Dataset records

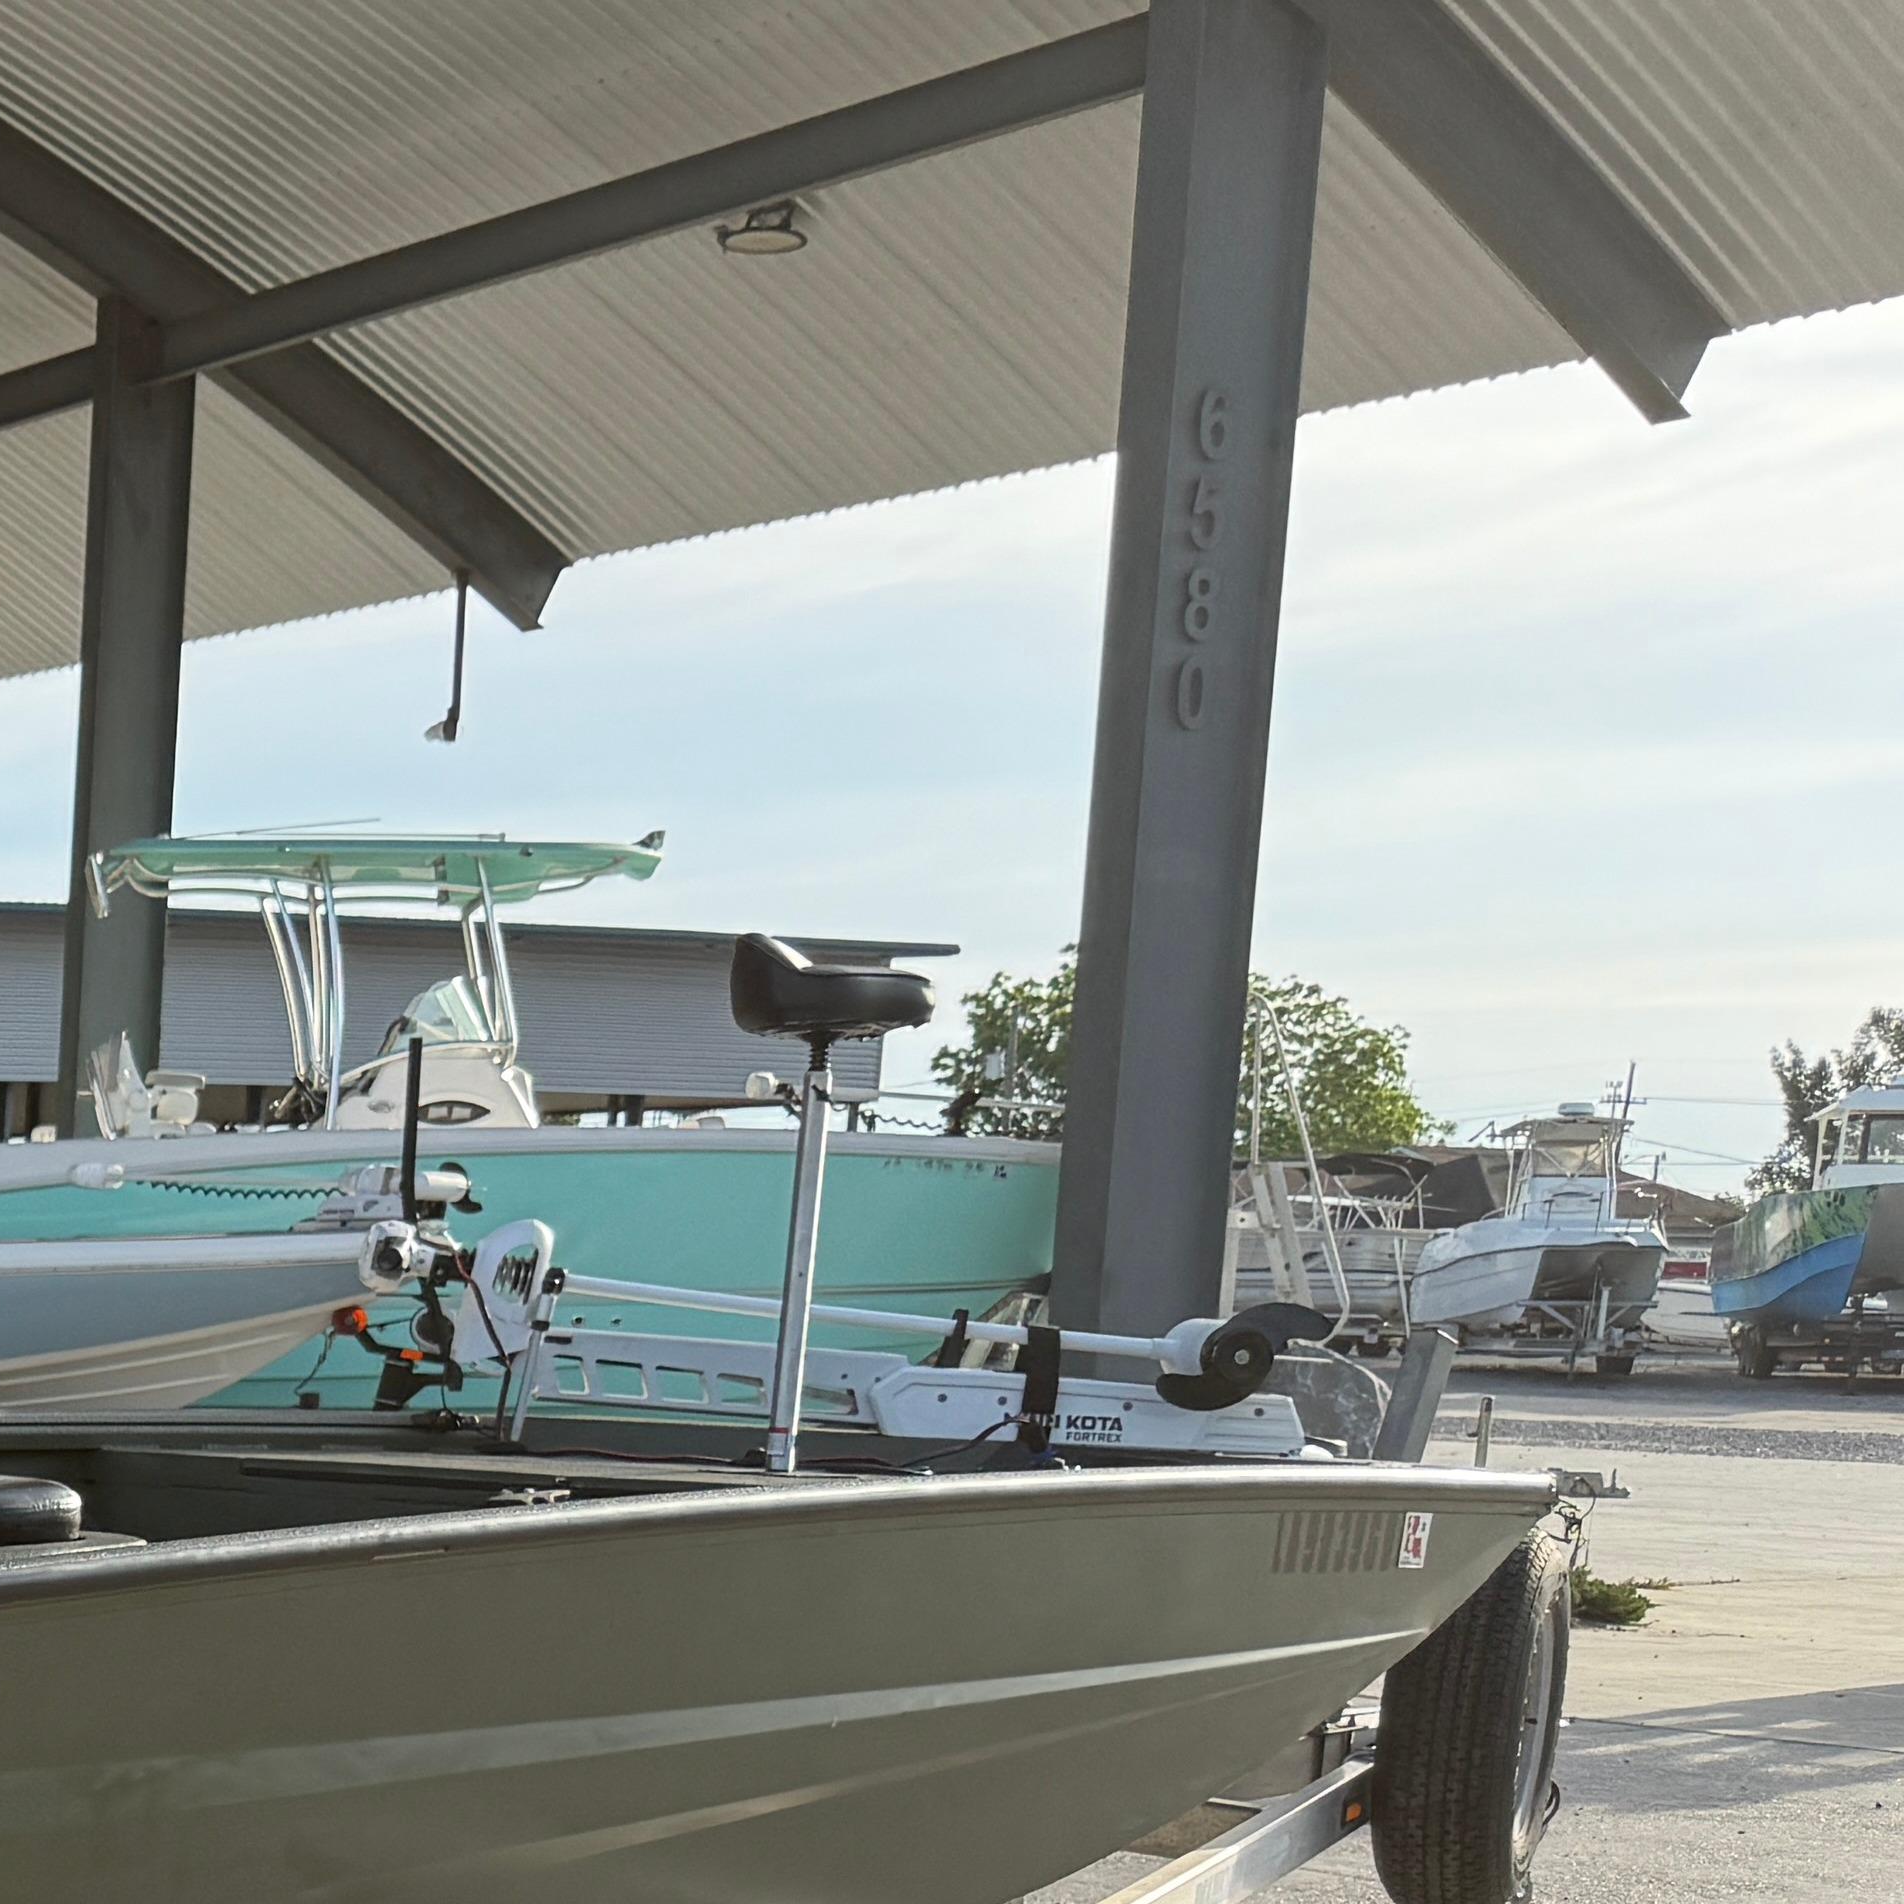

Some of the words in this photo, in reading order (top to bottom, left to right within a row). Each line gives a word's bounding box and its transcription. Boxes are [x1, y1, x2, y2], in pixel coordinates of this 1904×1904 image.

[1174, 387, 1230, 733] 6580
[1065, 1414, 1123, 1431] KOTA
[1065, 1431, 1122, 1443] FORTREX
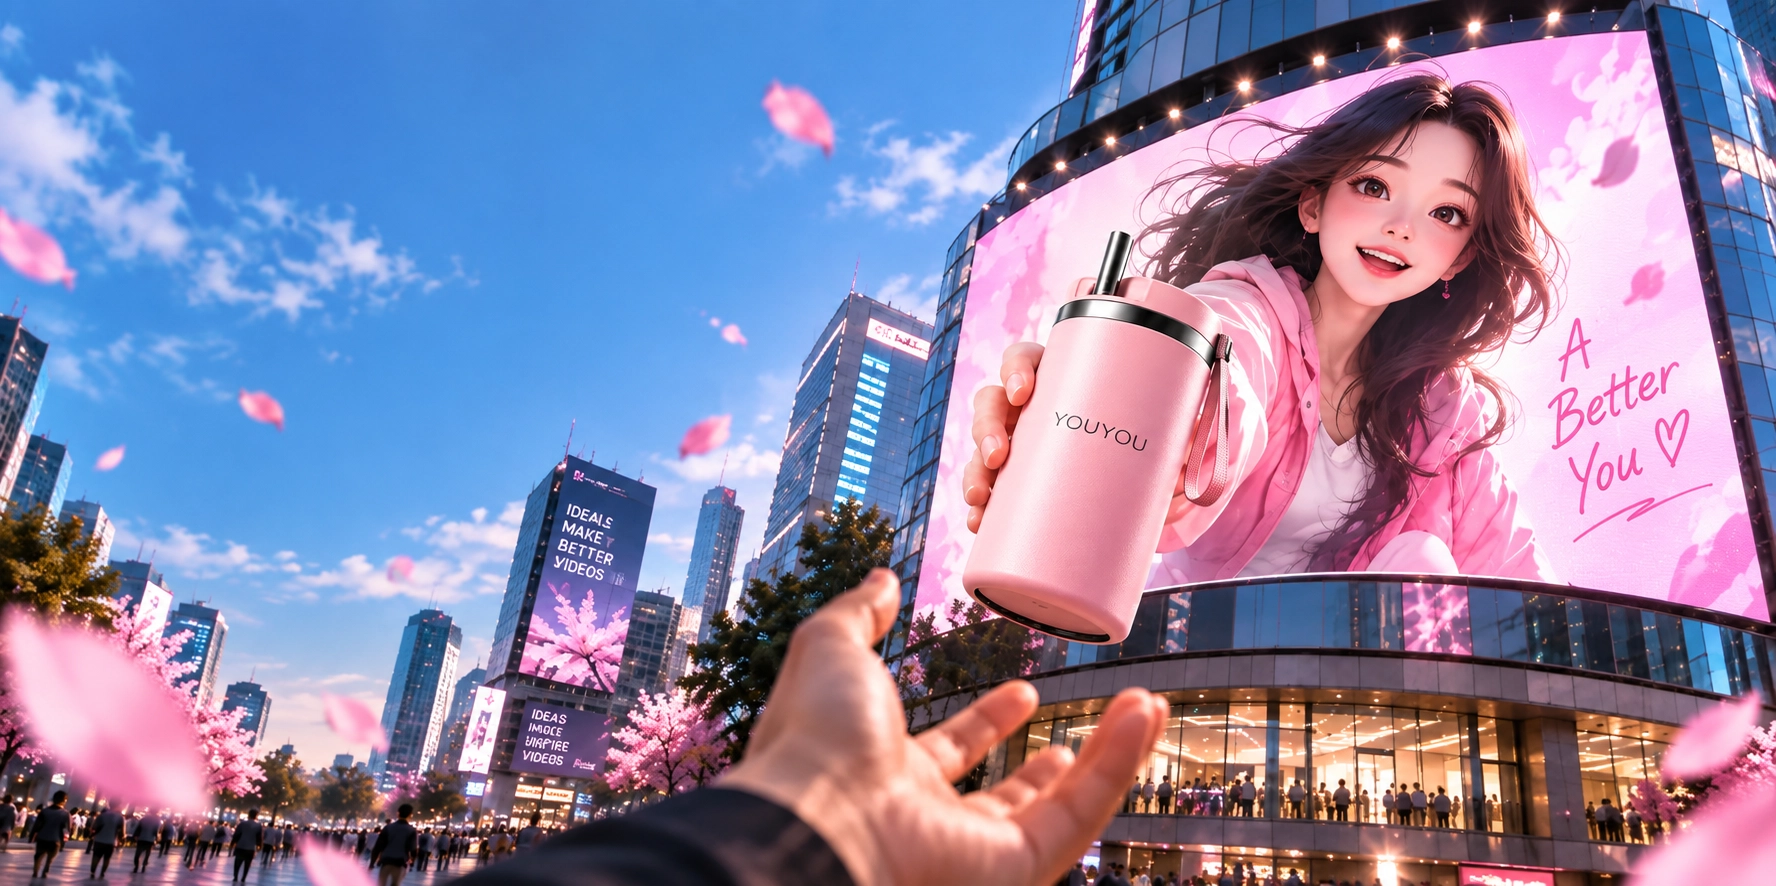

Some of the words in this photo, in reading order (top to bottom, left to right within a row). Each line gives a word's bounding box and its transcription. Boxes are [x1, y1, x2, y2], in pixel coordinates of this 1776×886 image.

[1558, 317, 1592, 382] A
[1547, 361, 1680, 450] Better
[1055, 411, 1147, 452] YOUYOU
[1568, 441, 1643, 515] You
[557, 538, 614, 566] BETTER
[561, 520, 604, 544] MAKE
[531, 708, 567, 725] IDEAS

Exercise goal
Only the text of the entries above is to be given again, exactly, with the pictures left out.

Exercise output
Some of the words in this photo, in reading order (top to bottom, left to right within a row). Each line gives a word's bounding box and its transcription. Boxes are [x1, y1, x2, y2], in pixel coordinates of this 1904×1904 image.

[1174, 387, 1230, 733] 6580
[1065, 1414, 1123, 1431] KOTA
[1065, 1431, 1122, 1443] FORTREX

Some of the words in this photo, in reading order (top to bottom, left to right within a row). Each line gives a word's bounding box and its transcription. Boxes are [x1, y1, x2, y2], in pixel coordinates of this 1776×886 image.

[1558, 317, 1592, 382] A
[1547, 361, 1680, 450] Better
[1055, 411, 1147, 452] YOUYOU
[1568, 441, 1643, 515] You
[557, 538, 614, 566] BETTER
[561, 520, 604, 544] MAKE
[531, 708, 567, 725] IDEAS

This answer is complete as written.